'''

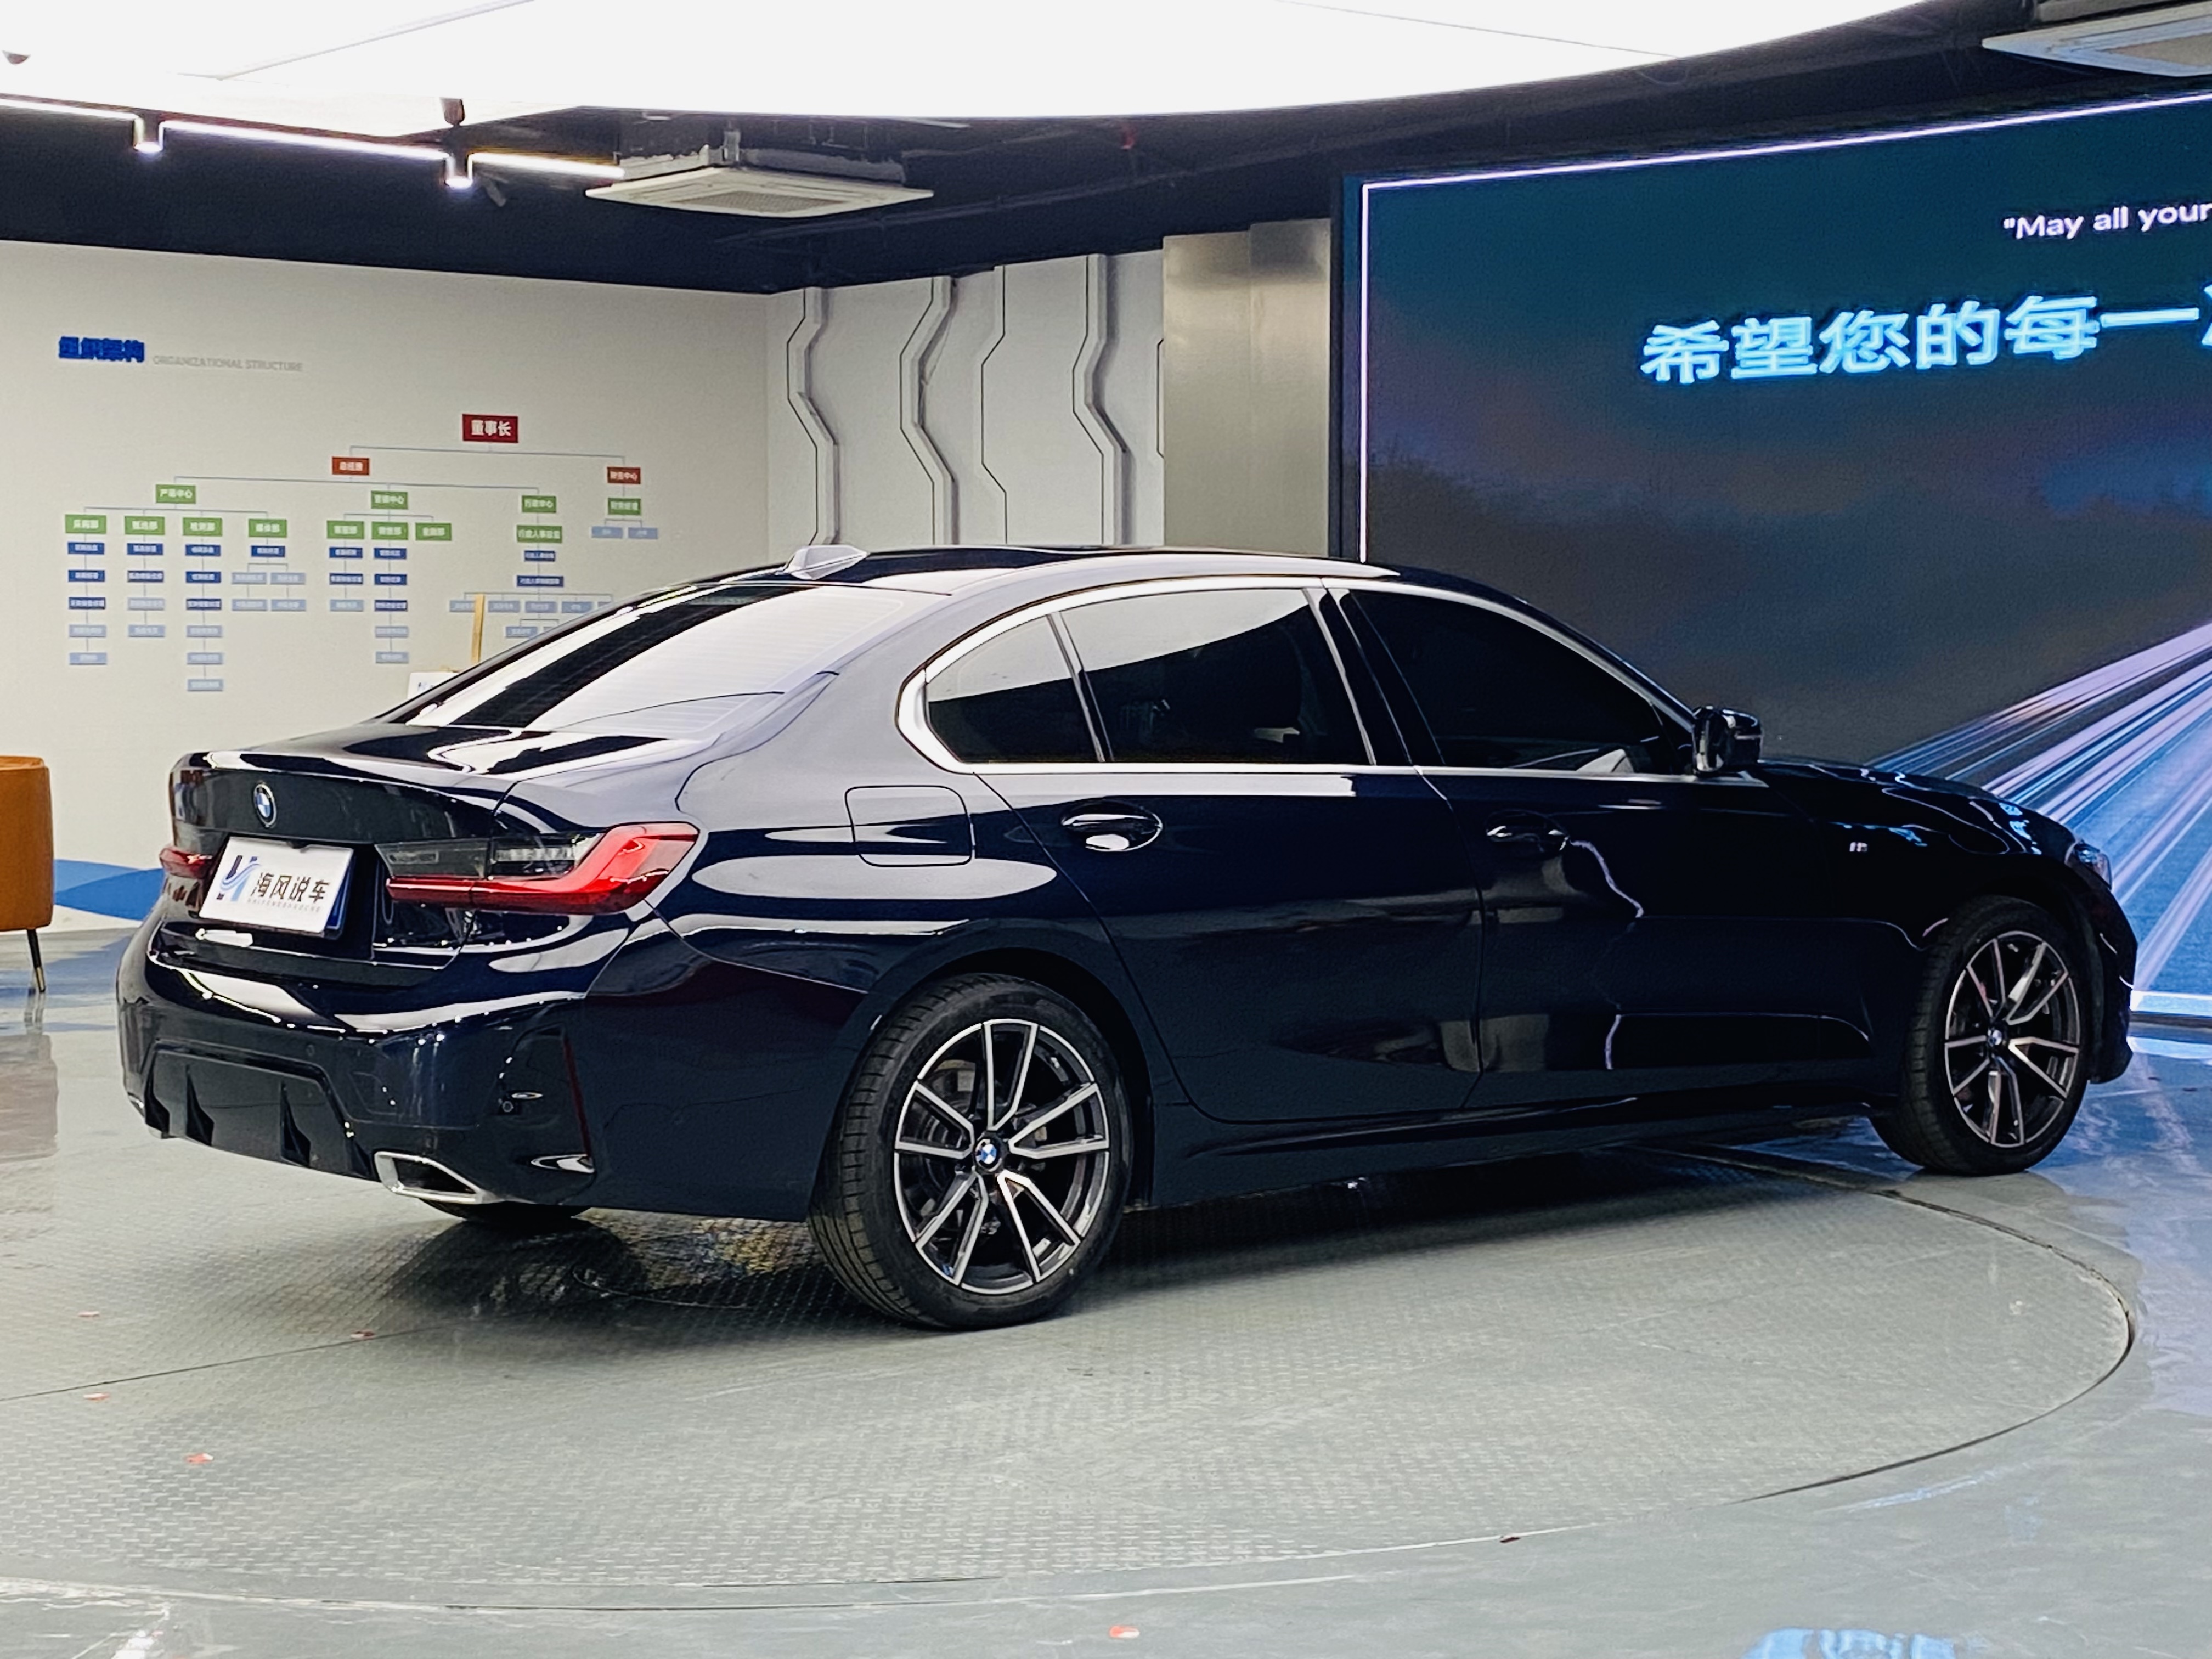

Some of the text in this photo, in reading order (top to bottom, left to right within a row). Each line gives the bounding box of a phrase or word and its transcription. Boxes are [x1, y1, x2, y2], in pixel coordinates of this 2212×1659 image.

[2003, 201, 2212, 240] "May all your
[1640, 284, 2212, 385] 希望您的每一
[245, 359, 303, 372] STRUCTURE
[250, 872, 330, 903] 海风说车

'''

[EXERCISE OBJECTIVE]:
Print each of the records above exactly as written, leaving no picture in the copy.

[SOLUTION FOR THIS PROBLEM]:
Some of the text in this photo, in reading order (top to bottom, left to right within a row). Each line gives the bounding box of a phrase or word and its transcription. Boxes are [x1, y1, x2, y2], in pixel coordinates of this 2212×1659 image.

[2003, 201, 2212, 240] "May all your
[1640, 284, 2212, 385] 希望您的每一
[245, 359, 303, 372] STRUCTURE
[250, 872, 330, 903] 海风说车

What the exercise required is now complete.